*** Excerpted data ***

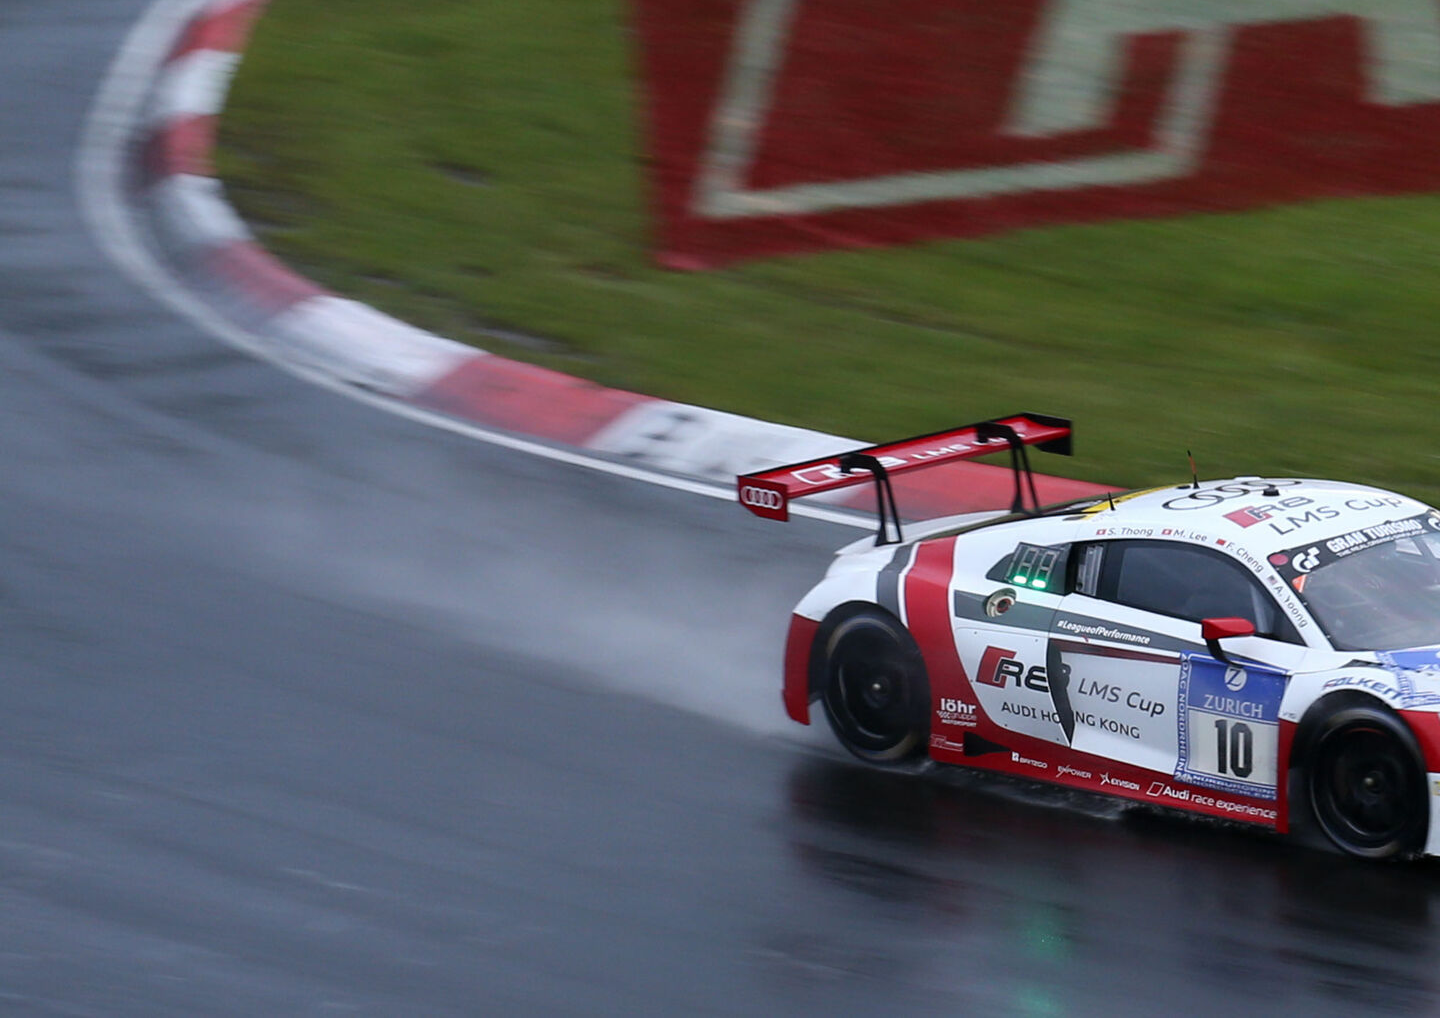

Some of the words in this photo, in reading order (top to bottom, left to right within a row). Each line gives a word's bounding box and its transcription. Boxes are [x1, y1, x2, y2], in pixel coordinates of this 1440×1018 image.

[1107, 527, 1118, 536] S.
[1121, 527, 1153, 537] Thong
[1268, 505, 1341, 535] LMS
[1345, 497, 1402, 512] Cup
[1173, 529, 1187, 539] M.
[1189, 531, 1208, 542] Lee
[1326, 530, 1366, 554] GRAN
[1364, 519, 1423, 541] TURISMO
[1225, 541, 1236, 552] F.
[1235, 547, 1264, 574] Cheng
[1273, 585, 1284, 598] A.
[1283, 594, 1309, 629] Yoong
[1056, 620, 1151, 644] #LeagueofPerformance
[993, 658, 1071, 693] R8
[1078, 678, 1121, 703] LMS
[1126, 691, 1165, 718] Cup
[940, 698, 976, 714] löhr
[1001, 701, 1037, 720] AUDI
[1041, 711, 1096, 728] HONG
[1100, 718, 1141, 739] KONG
[1203, 694, 1263, 719] ZURICH
[1215, 719, 1253, 778] 10
[1163, 786, 1190, 801] Audi
[1190, 792, 1215, 807] race
[1216, 799, 1277, 819] experience

*** End of Excerpted data ***

Task statement
With the pictures set aside, repeat every entry above exactly.

Response box
Some of the words in this photo, in reading order (top to bottom, left to right within a row). Each line gives a word's bounding box and its transcription. Boxes are [x1, y1, x2, y2], in pixel coordinates of this 1440×1018 image.

[1107, 527, 1118, 536] S.
[1121, 527, 1153, 537] Thong
[1268, 505, 1341, 535] LMS
[1345, 497, 1402, 512] Cup
[1173, 529, 1187, 539] M.
[1189, 531, 1208, 542] Lee
[1326, 530, 1366, 554] GRAN
[1364, 519, 1423, 541] TURISMO
[1225, 541, 1236, 552] F.
[1235, 547, 1264, 574] Cheng
[1273, 585, 1284, 598] A.
[1283, 594, 1309, 629] Yoong
[1056, 620, 1151, 644] #LeagueofPerformance
[993, 658, 1071, 693] R8
[1078, 678, 1121, 703] LMS
[1126, 691, 1165, 718] Cup
[940, 698, 976, 714] löhr
[1001, 701, 1037, 720] AUDI
[1041, 711, 1096, 728] HONG
[1100, 718, 1141, 739] KONG
[1203, 694, 1263, 719] ZURICH
[1215, 719, 1253, 778] 10
[1163, 786, 1190, 801] Audi
[1190, 792, 1215, 807] race
[1216, 799, 1277, 819] experience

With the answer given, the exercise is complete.